(Saved entries)
☆ ☆ ☆ ☆ ☆ ☆ ☆

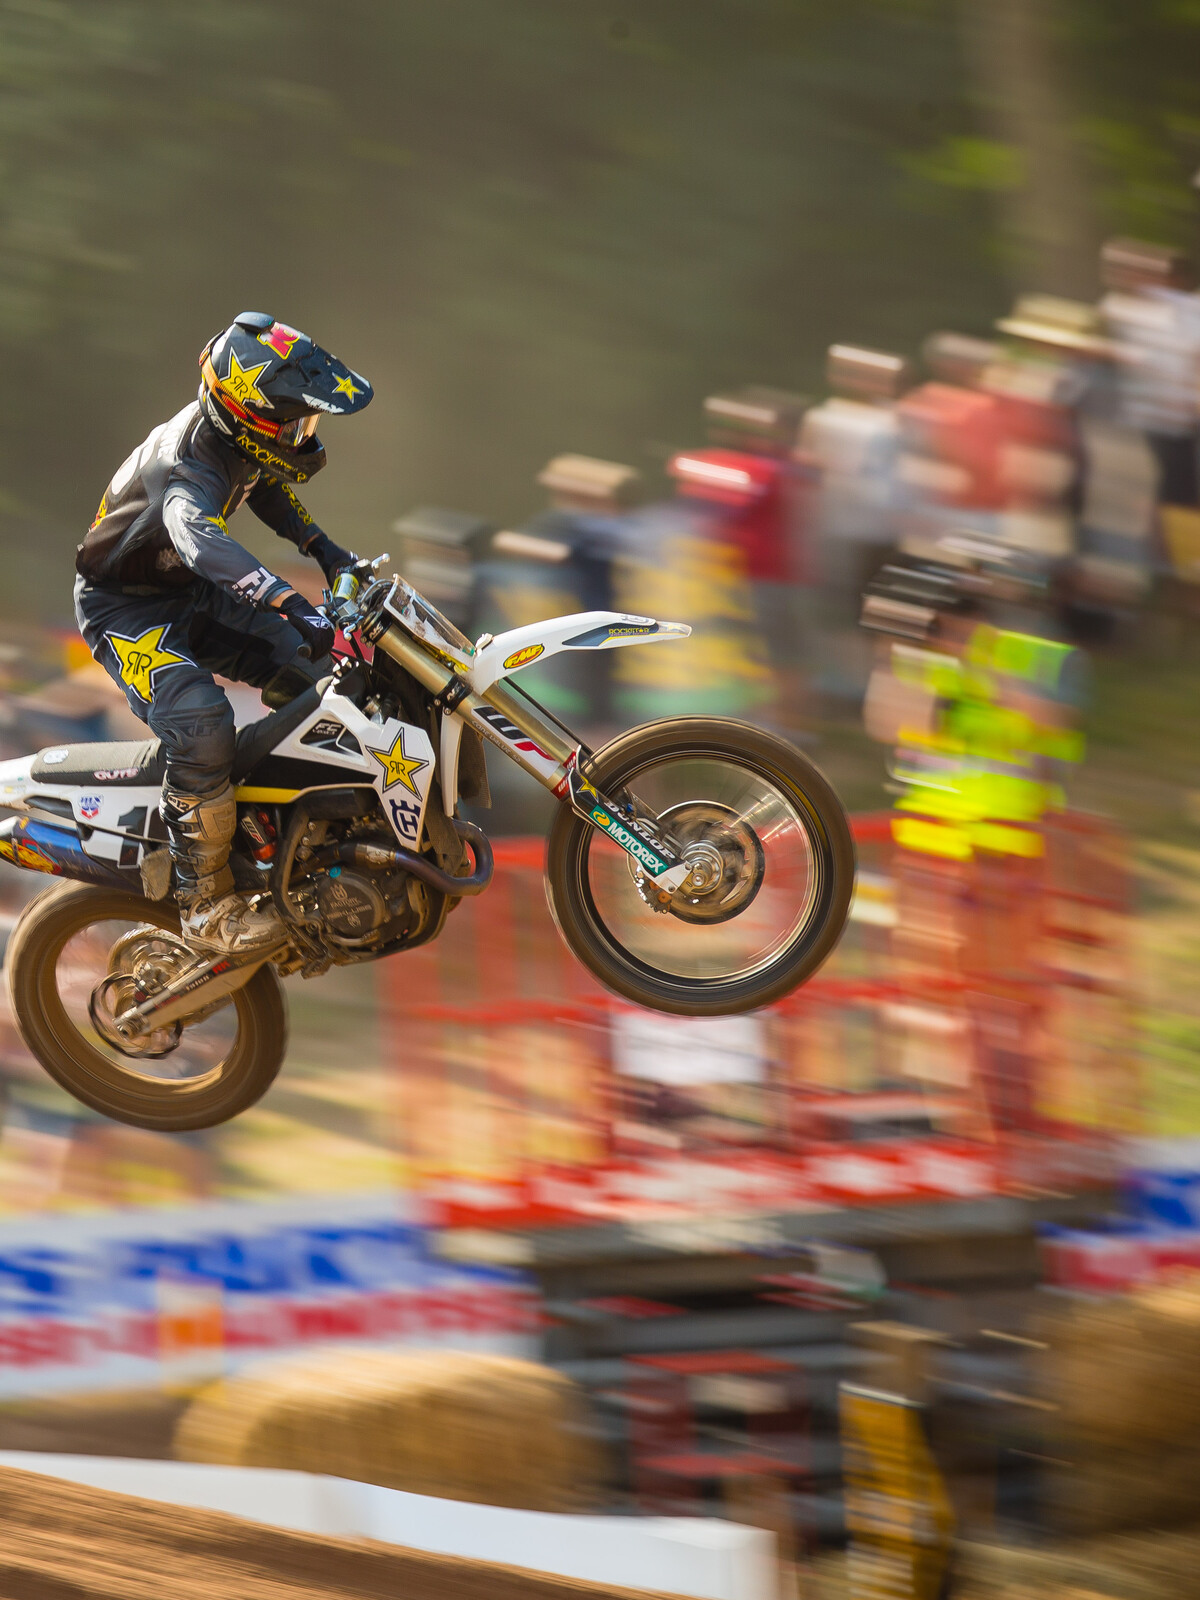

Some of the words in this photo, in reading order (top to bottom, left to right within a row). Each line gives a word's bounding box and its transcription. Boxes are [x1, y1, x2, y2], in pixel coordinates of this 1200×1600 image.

[236, 434, 306, 483] ROCKR
[506, 645, 543, 668] FMF
[604, 800, 676, 859] DUNLOP
[607, 821, 665, 874] MOTOREX

☆ ☆ ☆ ☆ ☆ ☆ ☆

## PROBLEM DETAILS
Copy out the entries exactly. No pictures.

## TASK ANSWER
Some of the words in this photo, in reading order (top to bottom, left to right within a row). Each line gives a word's bounding box and its transcription. Boxes are [x1, y1, x2, y2], in pixel coordinates of this 1200×1600 image.

[236, 434, 306, 483] ROCKR
[506, 645, 543, 668] FMF
[604, 800, 676, 859] DUNLOP
[607, 821, 665, 874] MOTOREX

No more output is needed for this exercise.